Da Ramallah, il presidente dell'Autorità nazionale palestinese, Abu Mazen, ha esortato gli Stati Uniti a "intervenire immediatamente per fermare l'aggressione israeliana" a Gaza e in Cisgiordania, "in modo che le cose non vadano fuori controllo".
Da Washington è arrivato Hady Amr, vice segretario aggiunto per gli Affari israeliani e palestinesi del dipartimento di Stato americano, inviato dall'amministrazione Biden per cercare una de-escalation.
Il suo arrivo punta a "rafforzare la necessita' di lavorare per una calma sostenibile, riconoscendo il diritto di Israele all'autodifesa". "Israeliani e palestinesi - ha fatto sapere l'mabasciata americana in un tweet - meritano in pari misura liberta', sicurezza, dignità e prosperità"

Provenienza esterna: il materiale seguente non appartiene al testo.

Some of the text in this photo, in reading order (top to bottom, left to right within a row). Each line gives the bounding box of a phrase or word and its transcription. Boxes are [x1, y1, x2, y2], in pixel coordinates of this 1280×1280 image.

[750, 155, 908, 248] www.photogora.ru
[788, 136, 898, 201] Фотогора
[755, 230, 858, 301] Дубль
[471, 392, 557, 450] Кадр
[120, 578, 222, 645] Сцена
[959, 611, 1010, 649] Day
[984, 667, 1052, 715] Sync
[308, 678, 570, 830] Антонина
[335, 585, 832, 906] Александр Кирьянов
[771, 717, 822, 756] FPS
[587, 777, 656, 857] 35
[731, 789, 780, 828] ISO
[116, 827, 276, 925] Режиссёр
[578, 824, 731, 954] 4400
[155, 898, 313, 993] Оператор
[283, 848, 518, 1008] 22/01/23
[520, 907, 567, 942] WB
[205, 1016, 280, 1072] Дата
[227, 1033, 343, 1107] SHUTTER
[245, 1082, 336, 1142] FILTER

Egitto e Giordania hanno intensificato i contatti con la comunita' internazionale per cercare di porre fine all'escalation; una delegazione del Cairo ha lasciato Tel Aviv dopo il rifiuto dello Stato ebraico a "tutte le iniziative di mediazione".
Le parole di Netanyahu e Guterres
"Non è ancora finita", ha sottolineato il premier isrealiano: "Ho detto che avremmo colpito Hamas e gli altri gruppi terroristici molto duramente e lo stiamo facendo".

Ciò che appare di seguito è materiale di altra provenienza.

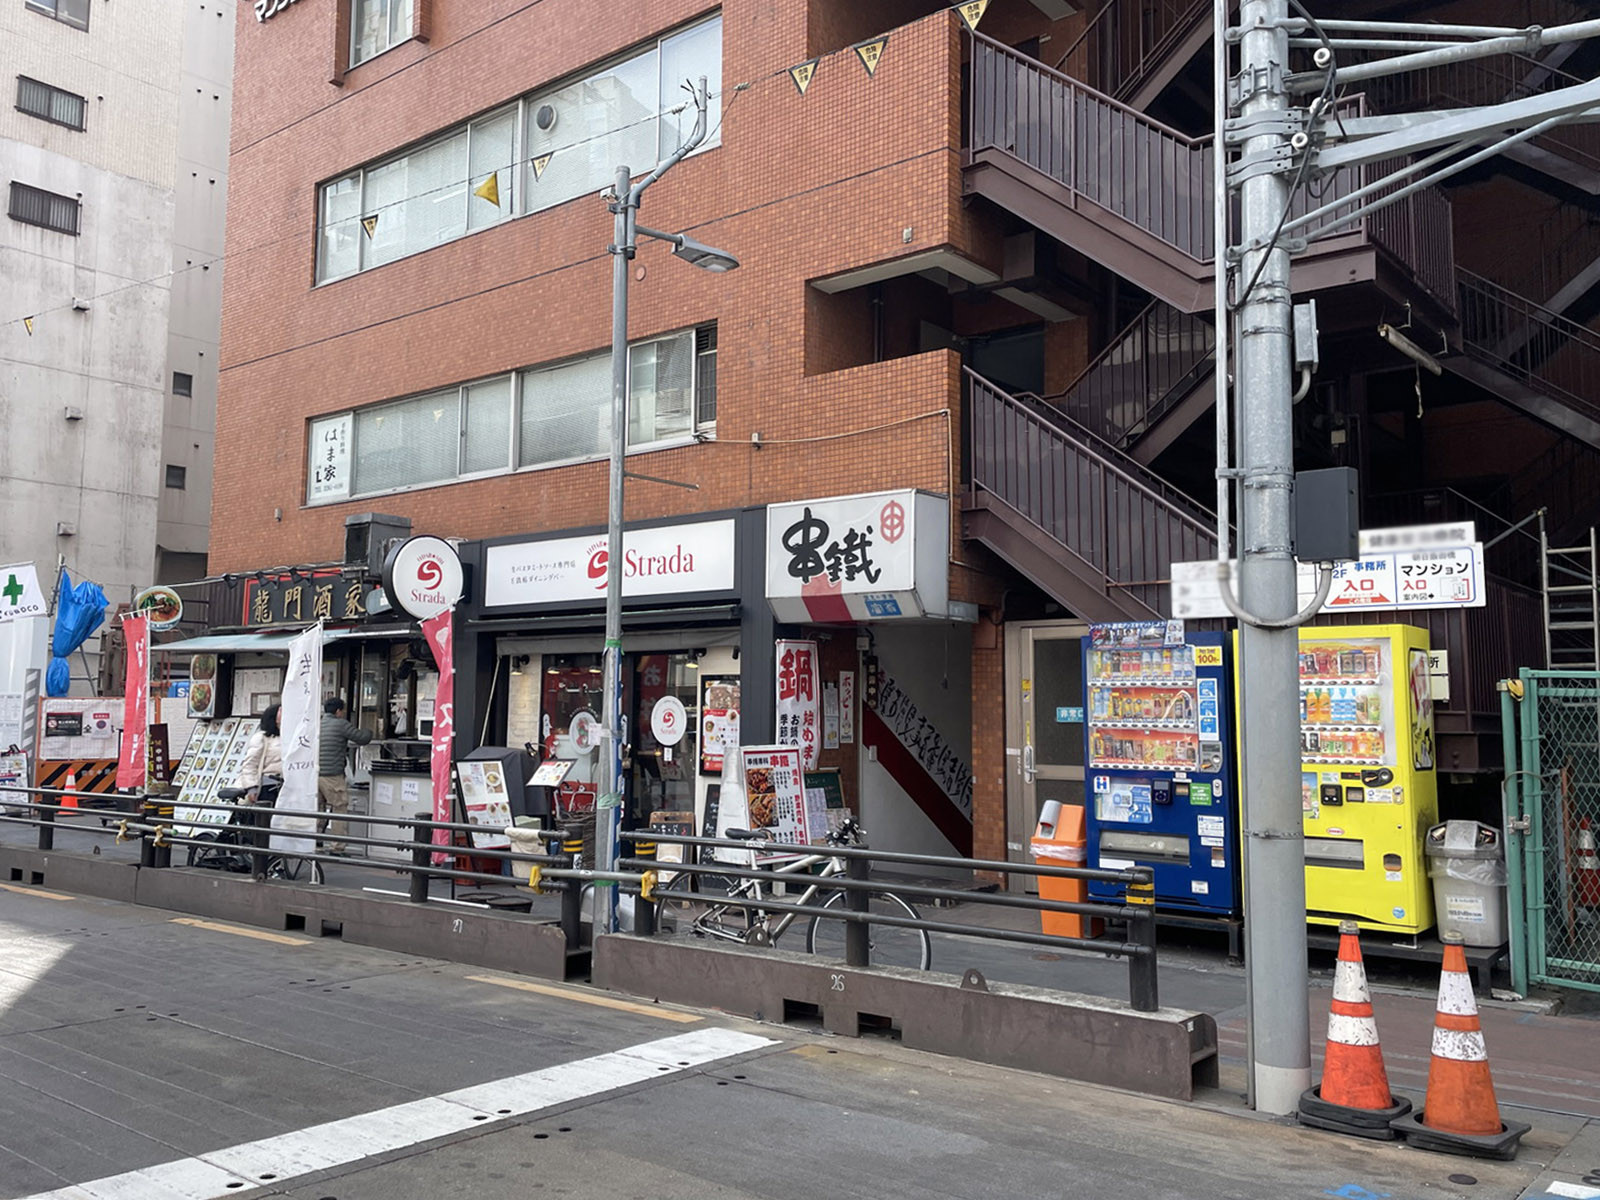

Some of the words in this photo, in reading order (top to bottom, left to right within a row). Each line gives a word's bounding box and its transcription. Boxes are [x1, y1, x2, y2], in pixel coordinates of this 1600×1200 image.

"Nelle ultime 24 ore abbiamo centrato obiettivi sotterranei, Hamas pensa di potersi nascondere li' ma non puo'", ha aggiunto il capo del governo israeliano, riferendosi alla 'trappola' ideata dagli strateghi israeliani che hanno fatto credere di aver lanciato l'offensiva di terra, per spingere i dirigenti del Movimento islamico a nascondersi nei tunnel per poi colpirli li', con 160 raid e 450 bombe sganciate in poco piu' di mezz'ora.
Un tentativo di smantellare la 'Metro', la rete di gallerie sotterranee che attraversa tutta l'enclave palestinese e che permette ai militanti di muoversi al riparo dai raid israeliani.
E il segretario generale dell'Onu, Antonio Guterres, è tornato a farsi sentire, lanciando un appello al cessate il fuoco immediato: ha avvertito che gli attuali scontri possono scatenare "una crisi incontenibile" e innescare il fondamentalismo in tutta la regione mediorientale.